Прислушиваясь к тому, что творилось помимо воли в ее ожившей утробе, Акбара заволновалась. Сердце волчицы учащенно заколотилось, его наполнили отвага, решимость непременно защитить, оградить от опасности тех, кого она вынашивала в себе. Сейчас бы она не задумываясь схватилась с кем угодно. В ней заговорил великий природный инстинкт сохранения потомства. И тут же Акбара почувствовала, как на нее горячей волной нахлынула нежность – потребность приласкать, пригреть будущих сосунков, отдавать им свое молоко так, как если бы они уже были под боком. То было предощущение счастья. И она прикрыла глаза, застонала от неги, от ожидания молока в набухших до красноты, крупных, выступающих двумя рядами по брюху сосцах, и томно, медленно-медленно потянулась всем телом, насколько позволяло логово, и, окончательно успокоившись, снова придвинулась к своему сивогривому Ташчайнару. Он был могуч, шкура его была тепла, густа и упруга. И даже он, угрюмец Ташчайнар, и тот уловил, что испытывала она, мать-волчица, и каким-то чутьем понял, что происходило в ее утробе, и тоже, должно быть, был тронут этим. Поставив ухо торчком, Ташчайнар приподнял свою угловатую, тяжеловесную голову, и в сумрачном взоре холодных зрачков его глубоко посаженных темных глаз промелькнула какая-то тень, какое-то смутное приятное предчувствие. И он сдержанно заурчал, прихрапывая и покашливая, выражая так доброе свое расположение и готовность беспрекословно слушаться синеглазую волчицу и оберегать ее, и принялся старательно, ласково облизывать голову Акбары, особенно ее сияющие синие глаза и нос, широким, теплым, влажным языком. Акбара любила язык Ташчайнара и тогда, когда он заигрывал и ластился к ней, дрожа от нетерпения, а язык его, разгорячась от бурного прилива крови, становился упругим, быстрым и энергичным, как змея, хотя попервоначалу и делала вид, что это ей, по меньшей мере, безразлично, и тогда, когда в минуты спокойствия и благоденствия после сытной еды язык ее волка был мягко-влажным.

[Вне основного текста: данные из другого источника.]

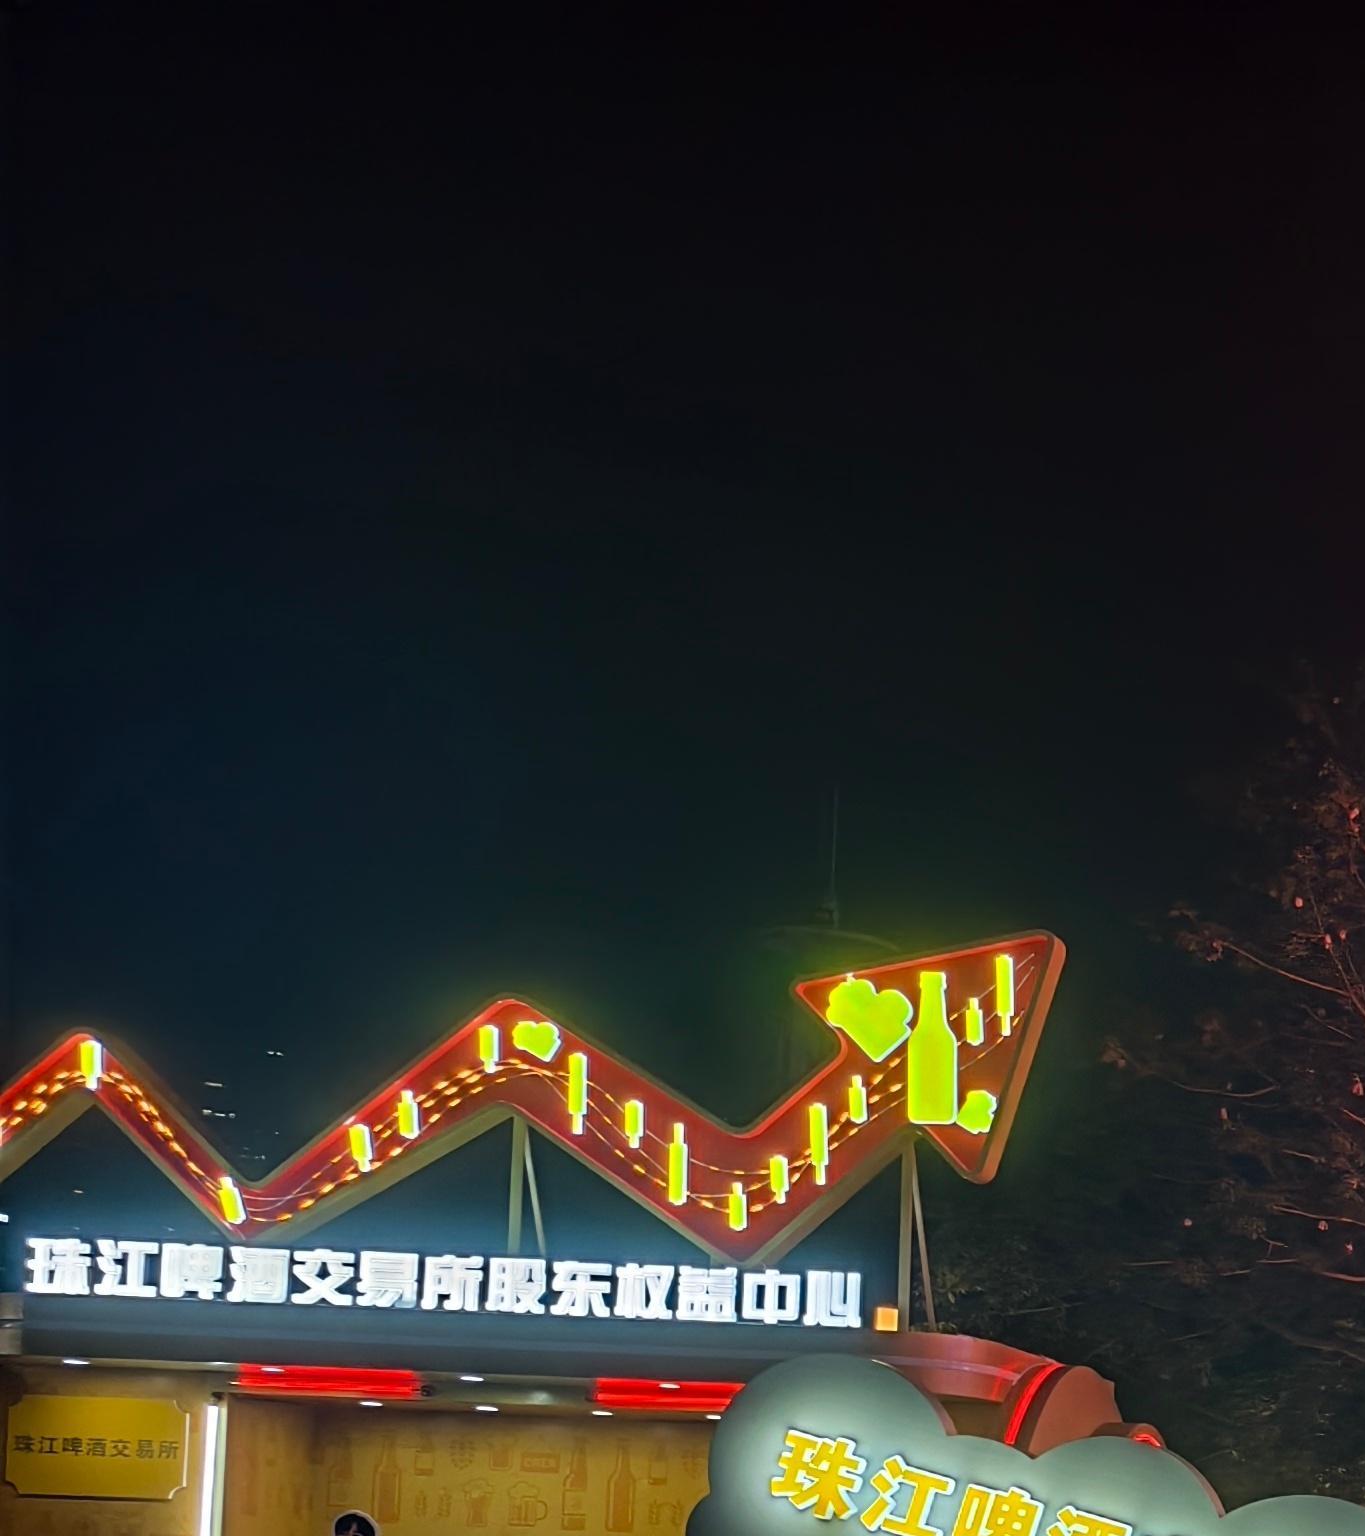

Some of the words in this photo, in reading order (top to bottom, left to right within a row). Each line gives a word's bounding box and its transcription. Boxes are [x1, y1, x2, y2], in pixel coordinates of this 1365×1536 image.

В этой паре лютых Акбара была головой, была умом, ей принадлежало право зачинать охоту, а он был верной силой, надежной, неутомимой, неукоснительно исполняющей ее волю. Эти отношения никогда не нарушались. Лишь однажды был странный, неожиданный случай, когда ее волк исчез до рассвета и вернулся с чужим запахом иной самки – отвратительным духом бесстыжей течки, стравливающей и скликающей самцов за десятки верст, вызвавшим у нее неудержимую злобу и раздражение, и она сразу отвергла его, неожиданно вонзила клыки глубоко в плечо и в наказание заставила ковылять много дней кряду позади. Держала дурака на расстоянии и, сколько он ни выл, ни разу не откликнулась, не остановилась, будто он, Ташчайнар, и не был ее волком, будто он для нее не существовал, а если бы он и посмел снова приблизиться к ней, чтобы покорить и ублажить ее, Акбара померилась бы с ним силами всерьез, не случайно она была головой, а он ногами в этой пришлой сивой паре.